Oh! And she also texts her friend, Dr. Ben Dullard (Daniel Craig: Casino Royale, Infamous), quite a bit too -- he’s supposed to be helping her escape from somewhere, or find her kid, or something. When we first meet Ben, he’s talking about how the media (offscreen, of course) isn’t telling the whole story about what’s going on, and how he’s had to hunt around for other outlets to sell his stories to, or something like that, and so you think: Aha, he’s a journalist. But the next time we meet him, he’s wearing a lab coat and talking like a doctor, which is strange, though not the kind of strange we’re expecting from a movie like this. Then again, the movie compresses time weirdly: events that feel like they’re all happening on the same day later seem to have been stretched out over days, weeks, or perhaps even months. Maybe Ben decided to change careers and went to med school in some compacted interim here.

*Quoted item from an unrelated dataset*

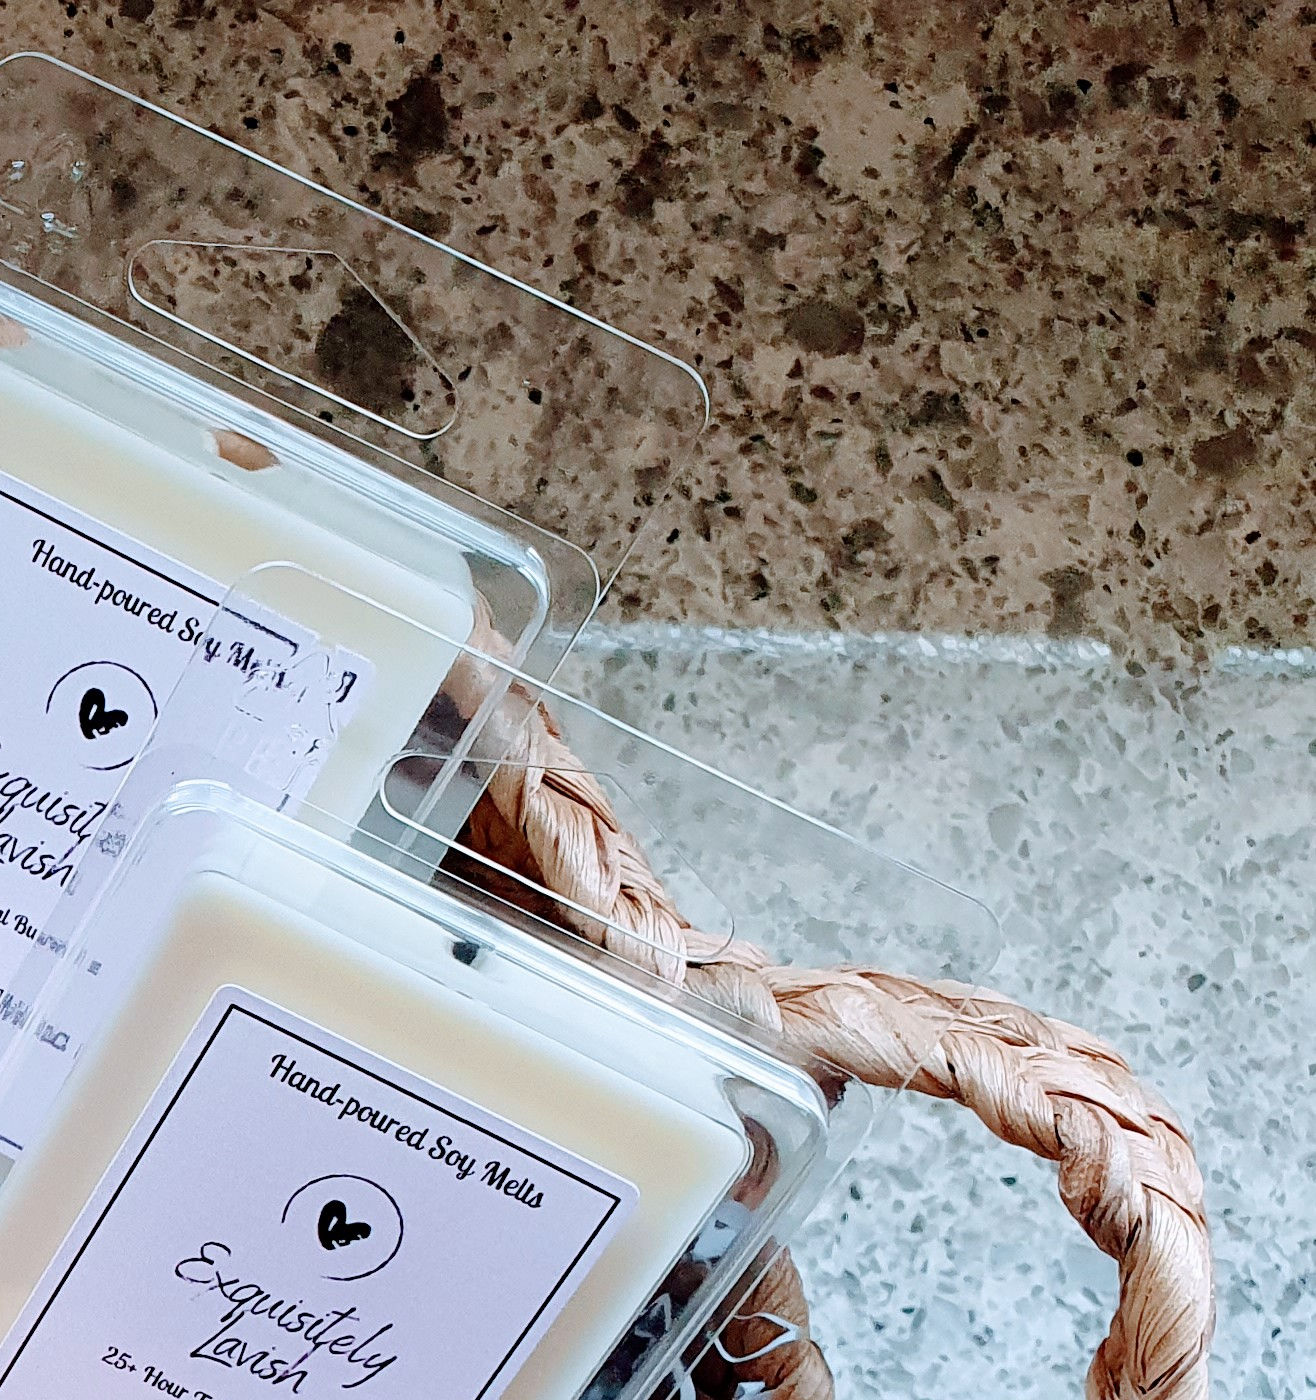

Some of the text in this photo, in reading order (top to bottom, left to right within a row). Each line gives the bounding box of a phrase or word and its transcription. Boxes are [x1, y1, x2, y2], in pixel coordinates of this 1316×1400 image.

Though it’s not being mentioned by Warner Bros., the studio brought in the Wachowski Brothers (of Matrix fame) and their protege James McTeigue (V for Vendetta) when German director Oliver Hirschbiegel turned in a film they didn’t like: it wasn’t actiony enough, apparently. Now, why they would have expected the guy who made the thoughtful and provocative WWII bunker drama Downfall -- about a Hitler who’s not as monstrously evil as clichéd Hollywood movies would depict him -- would turn in a science fiction movie that’s all Hollywood clichés is a mystery. But they did, and then then freaked when he didn’t. So the Wachowskis rewrote -- according to Entertainment Weekly -- 30 percent of the script, and McTeigue shot a ton of new footage. I’m guessing these rewrites are responsible for the confused themes of the film -- is being an alien/human automaton good for the world, seeing as it brings global peace and all, or is it bad, because it takes away what it means to be human? And I’m guessing that the reshoots are when all the dumb car chases and foot chases and ooga-booga stuff jumping out of nowhere got smashed into the film.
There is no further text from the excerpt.